» **Task to carry out**
Give back every record below in full and exactly, but without a single image.

== Information

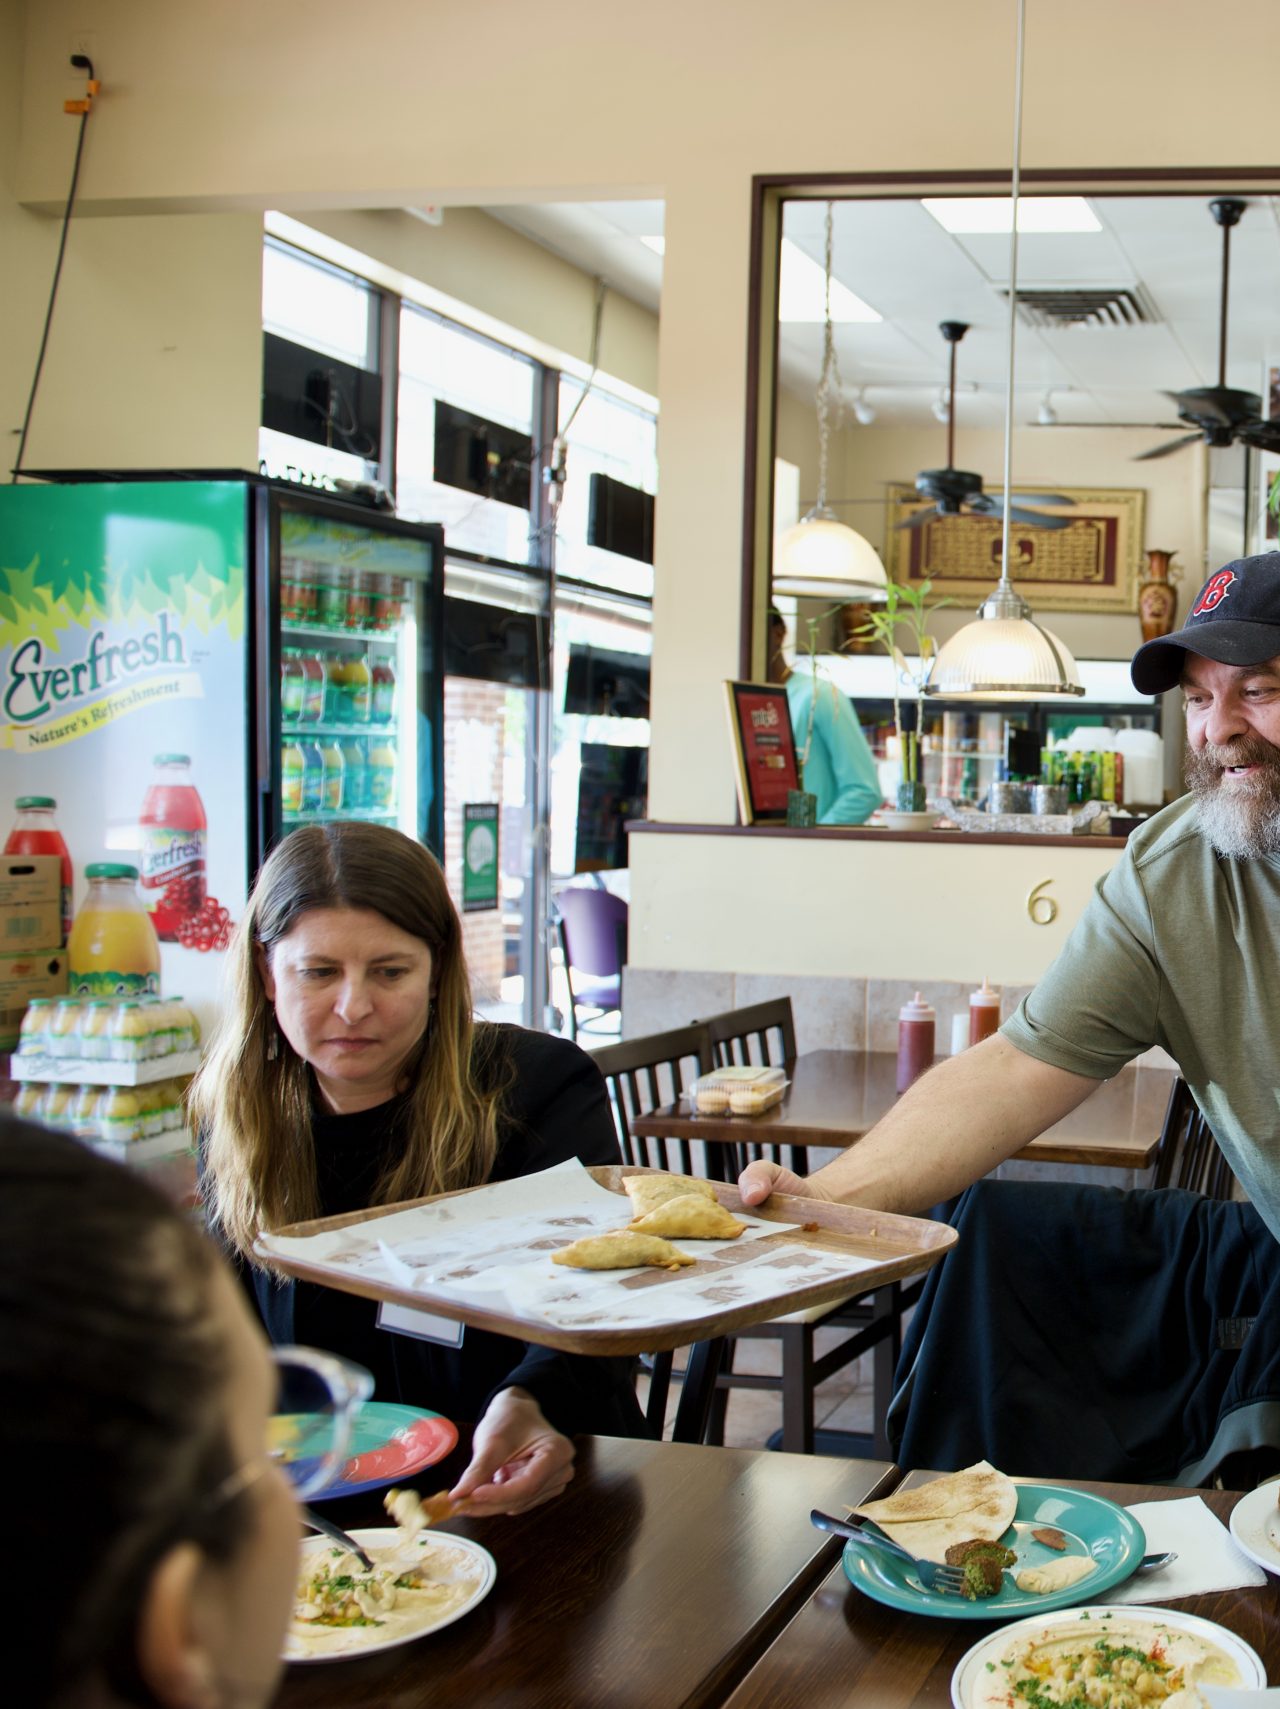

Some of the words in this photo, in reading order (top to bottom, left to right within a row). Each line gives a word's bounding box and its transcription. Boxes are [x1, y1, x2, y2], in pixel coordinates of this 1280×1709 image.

[1193, 570, 1238, 616] B
[4, 612, 186, 722] Everfresh
[28, 714, 88, 747] Nature's
[90, 680, 181, 723] Refreshment
[1028, 879, 1058, 925] 6
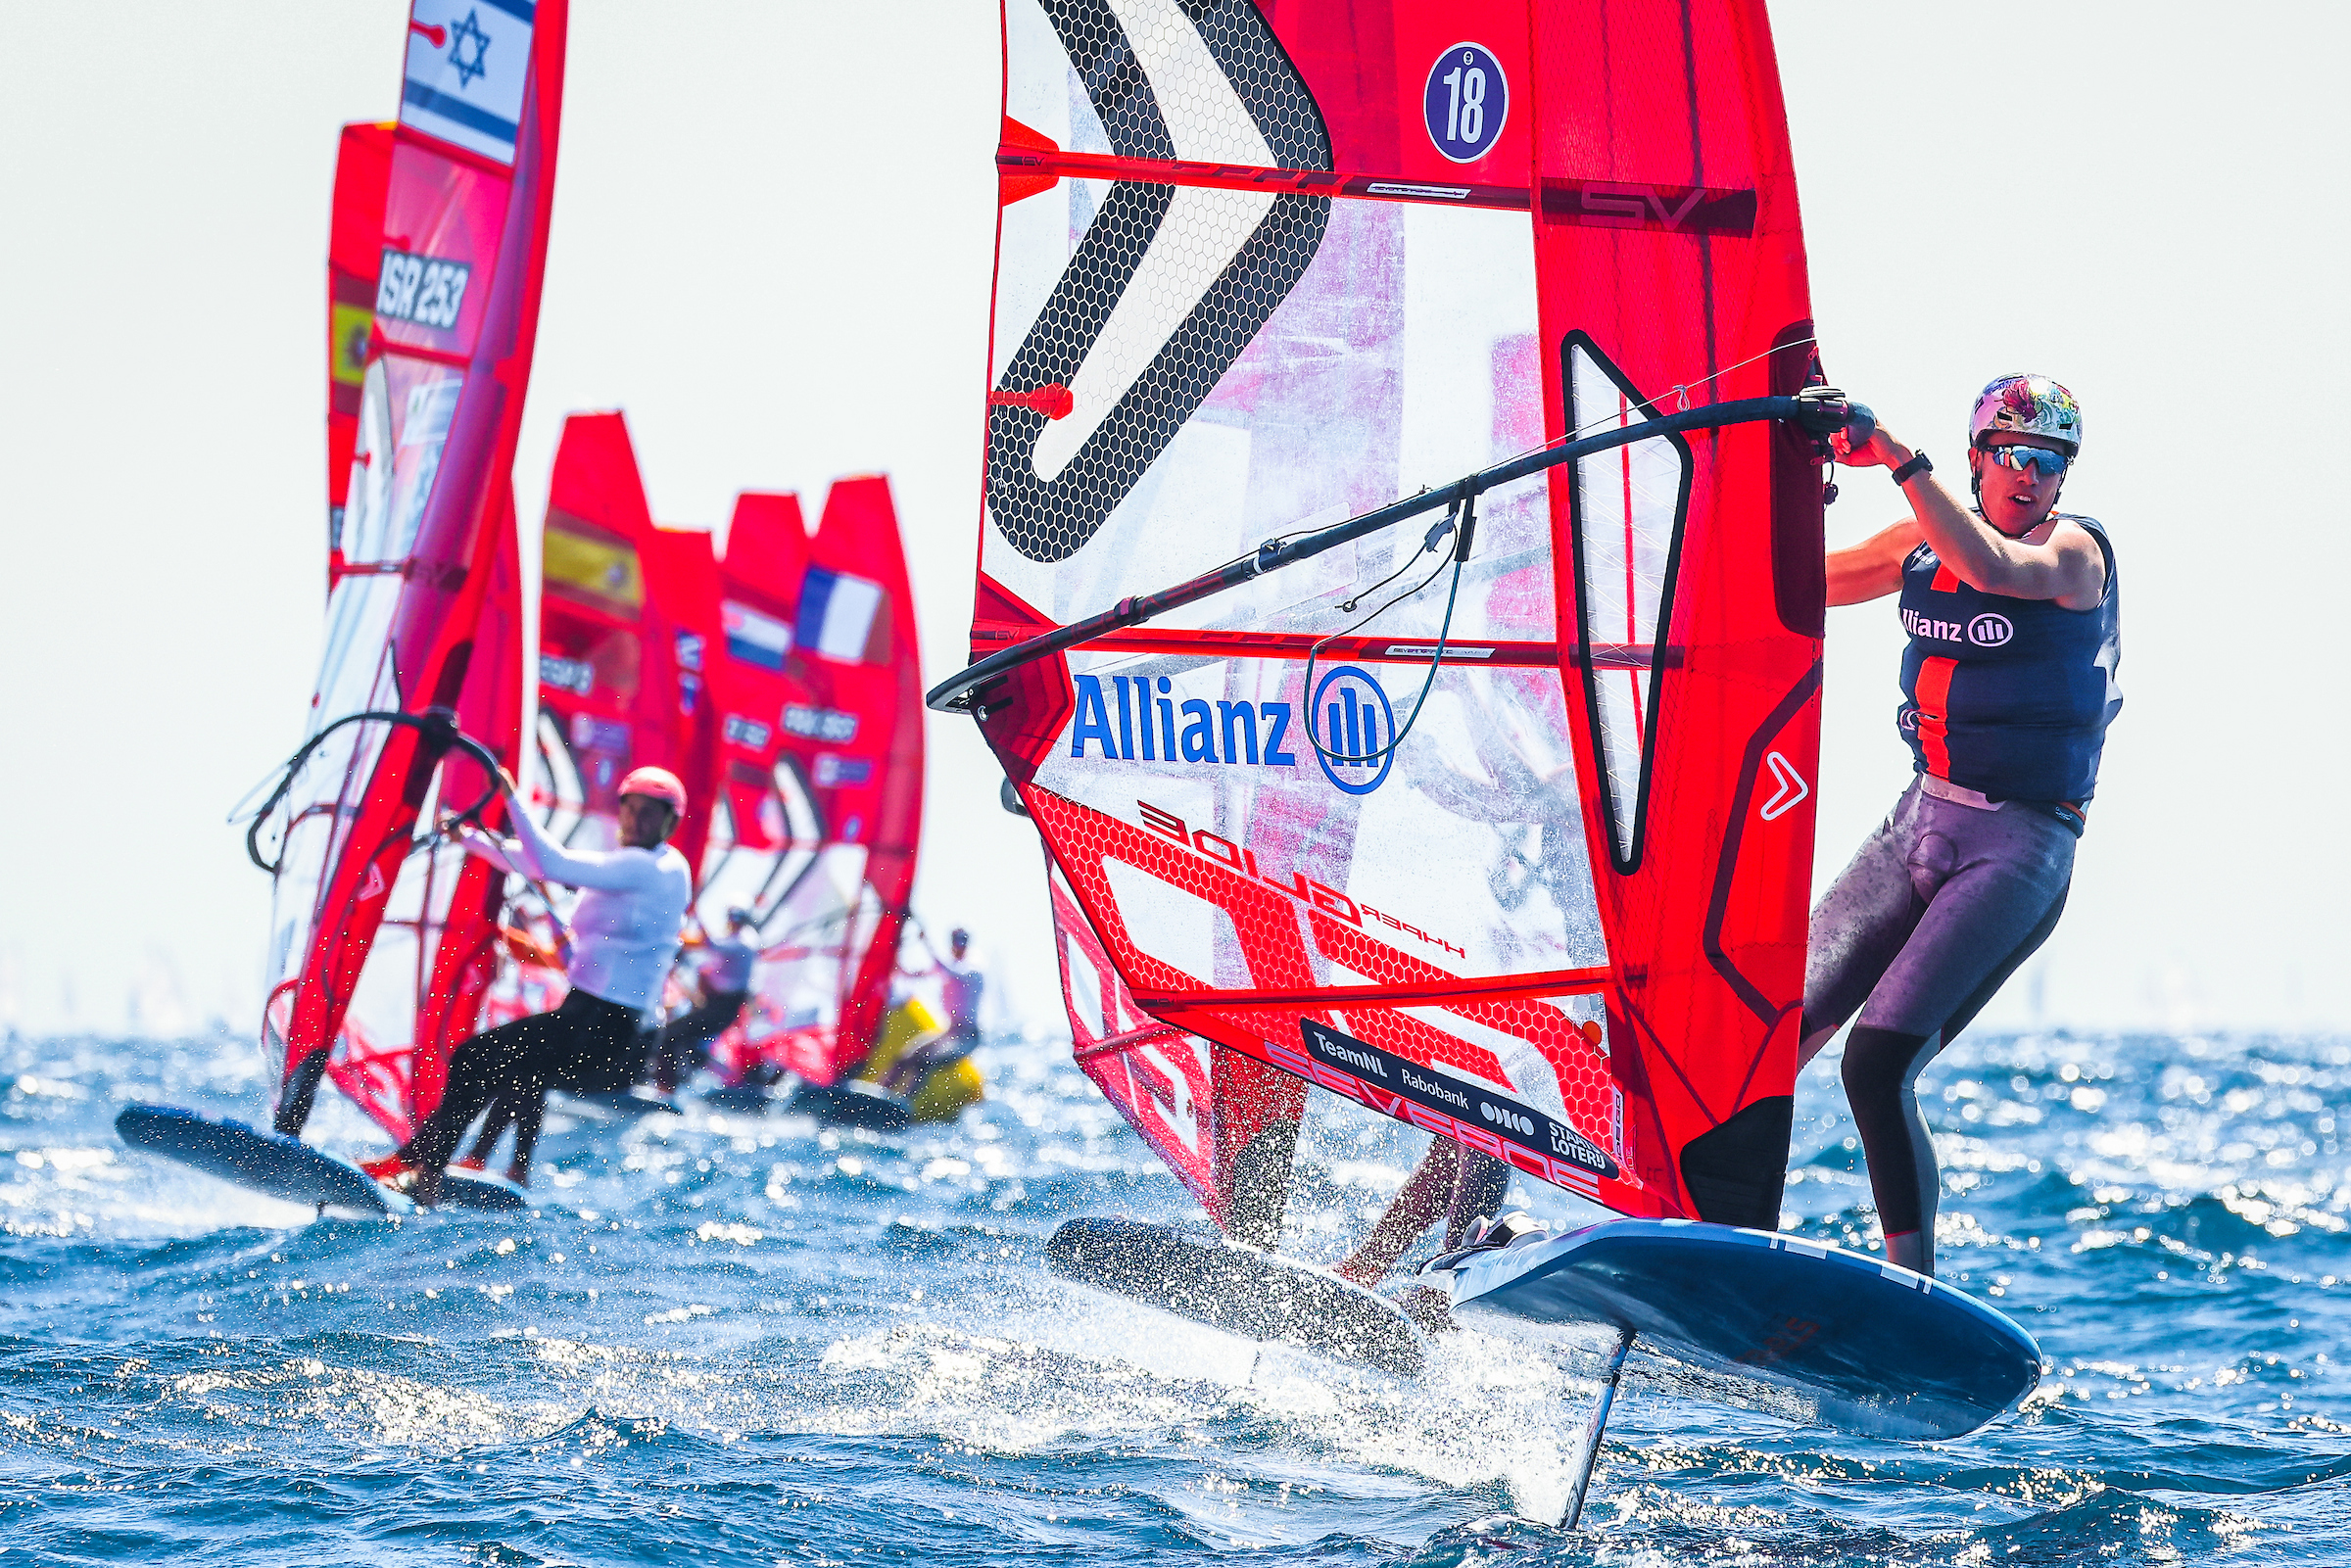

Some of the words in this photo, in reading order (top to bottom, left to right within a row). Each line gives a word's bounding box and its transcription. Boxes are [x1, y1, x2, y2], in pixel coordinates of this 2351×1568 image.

[1443, 67, 1487, 144] 18
[1580, 182, 1706, 230] SV
[376, 252, 423, 319] ISR
[414, 261, 469, 328] 253
[1898, 608, 1963, 642] llianz
[1071, 674, 1296, 767] Allianz
[1313, 1031, 1388, 1078] TeamNL
[1401, 1068, 1469, 1111] Rabobank
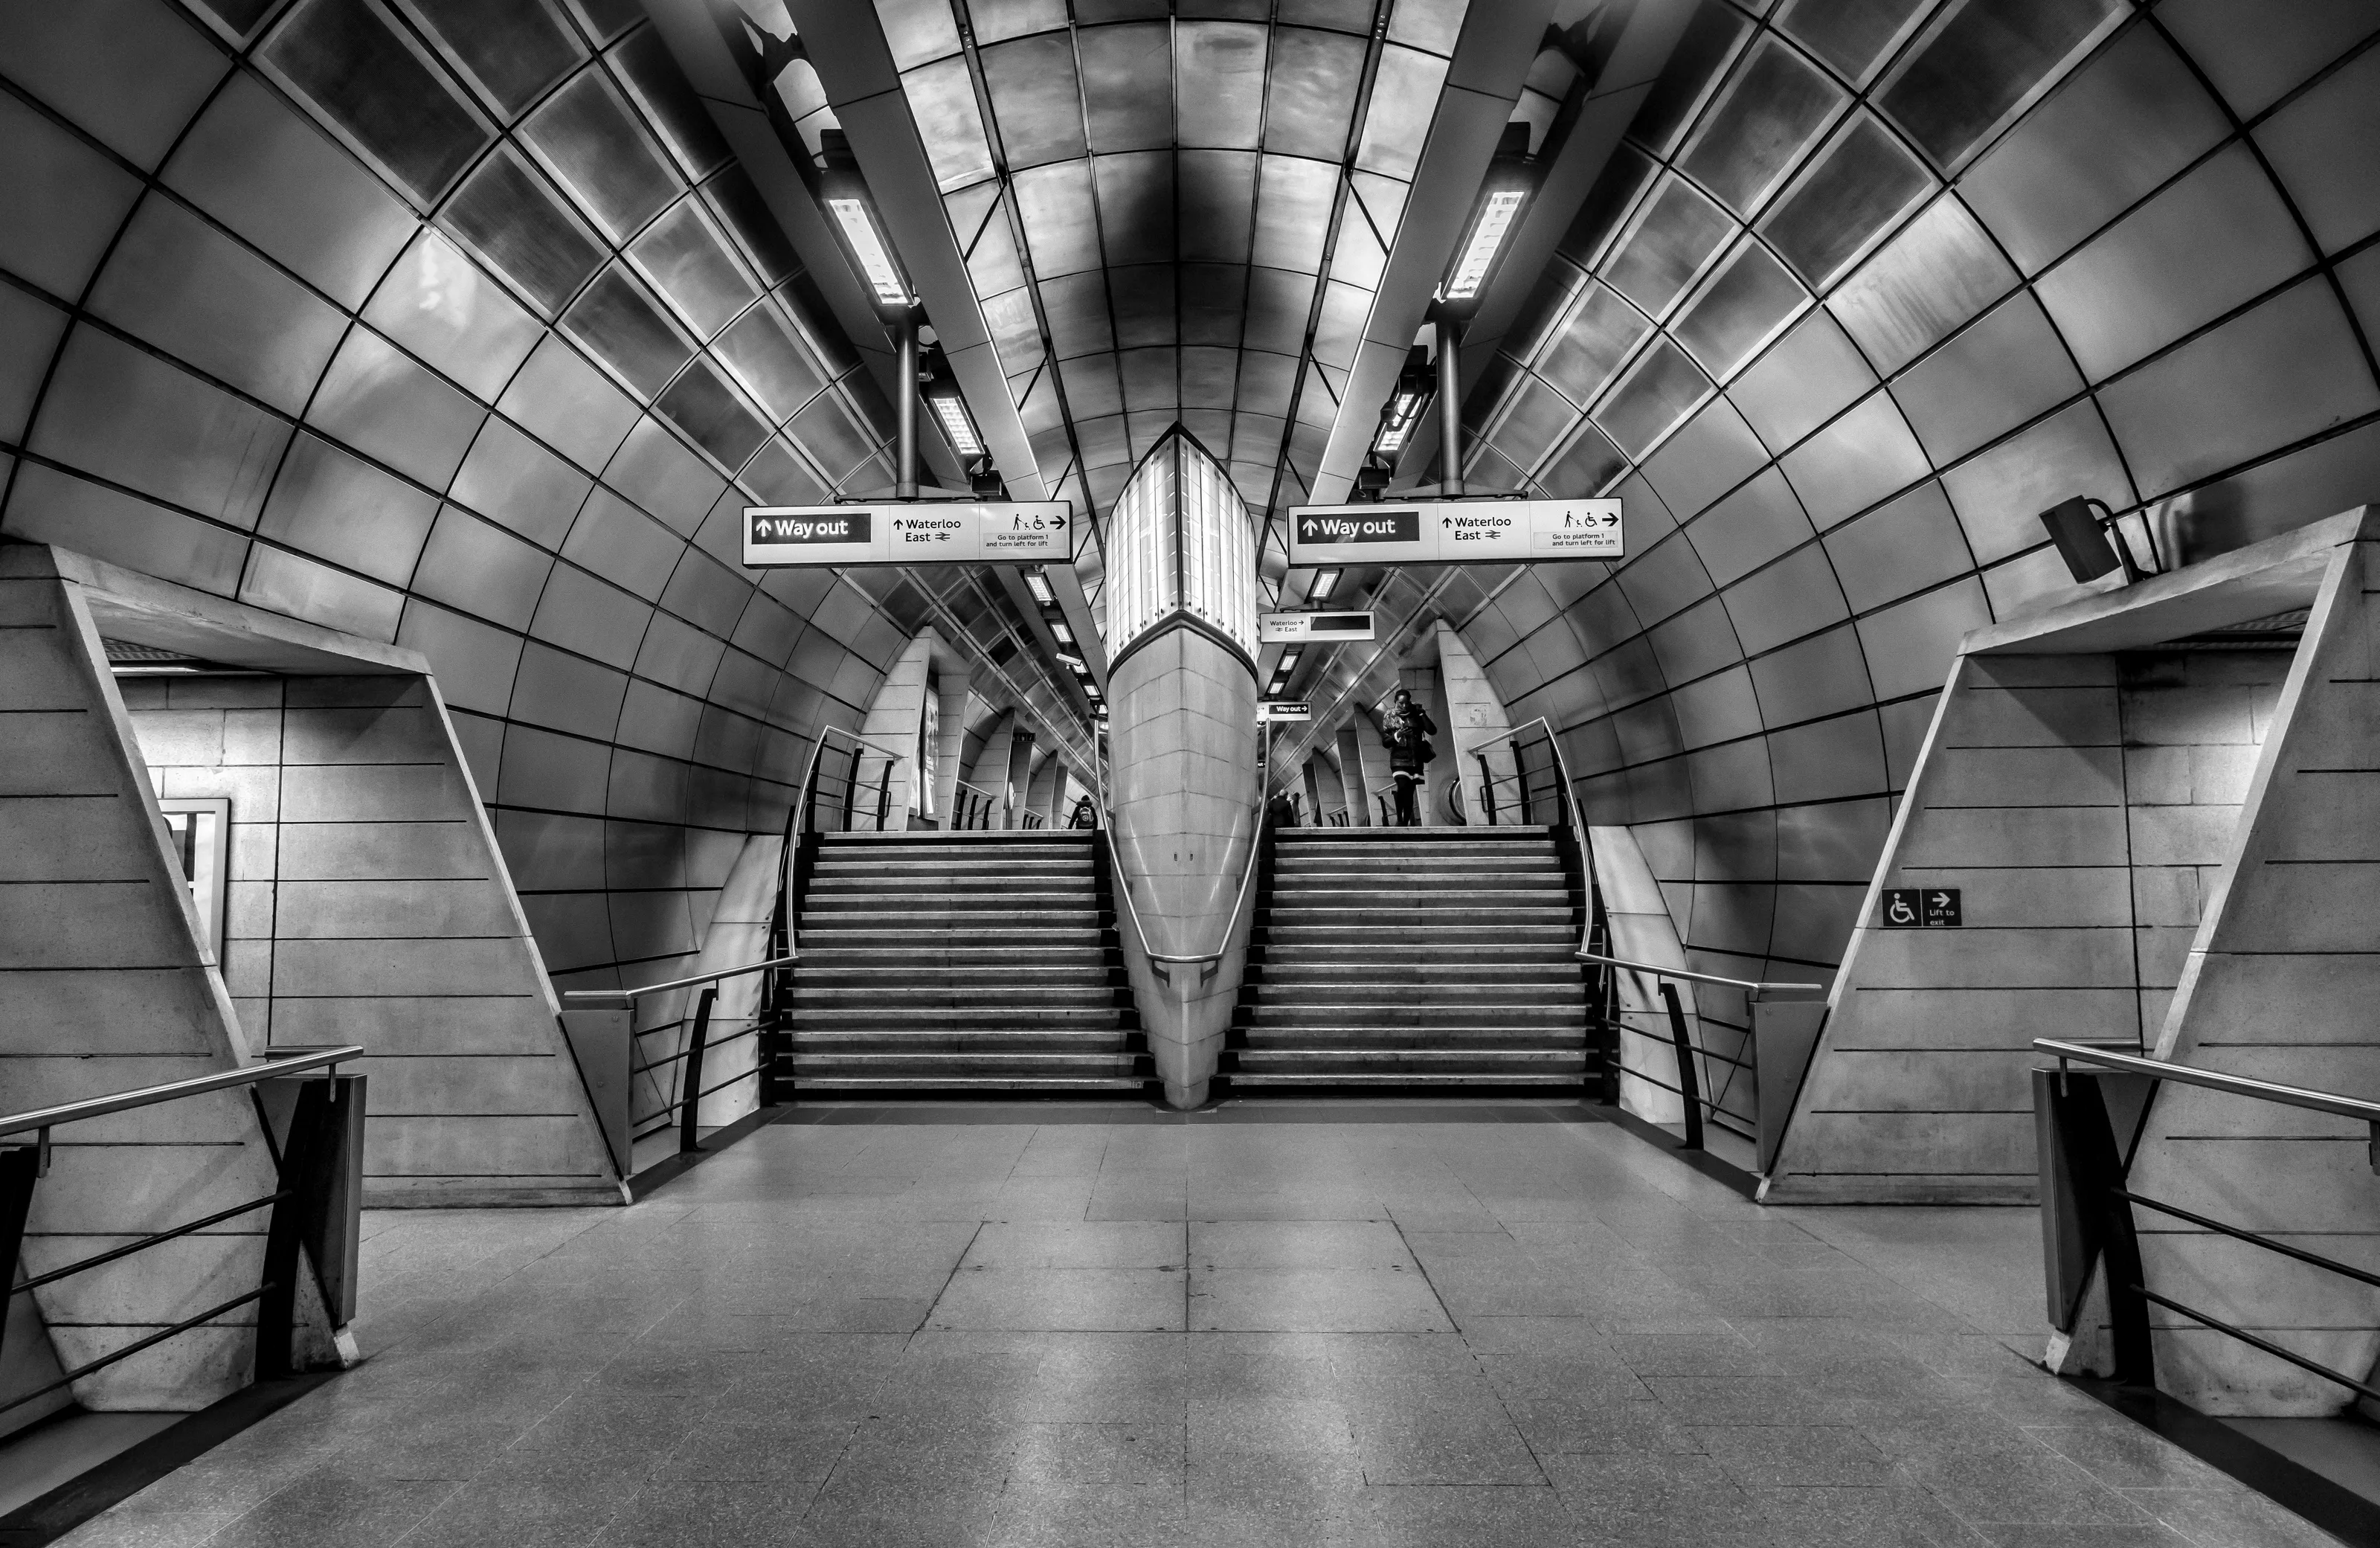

====

» **Output for this task**
Some of the words in this photo, in reading order (top to bottom, left to right within a row). Each line gives a word's bounding box and its transcription. Boxes are [x1, y1, x2, y2], in pixel coordinates of this 1280×1709 image.

[1193, 570, 1238, 616] B
[4, 612, 186, 722] Everfresh
[28, 714, 88, 747] Nature's
[90, 680, 181, 723] Refreshment
[1028, 879, 1058, 925] 6

Some of the words in this photo, in reading order (top to bottom, left to right within a row). Each line gives a word's bounding box and its transcription. Boxes are [x1, y1, x2, y2], in pixel coordinates of this 2351×1568 image.

[1443, 67, 1487, 144] 18
[1580, 182, 1706, 230] SV
[376, 252, 423, 319] ISR
[414, 261, 469, 328] 253
[1898, 608, 1963, 642] llianz
[1071, 674, 1296, 767] Allianz
[1313, 1031, 1388, 1078] TeamNL
[1401, 1068, 1469, 1111] Rabobank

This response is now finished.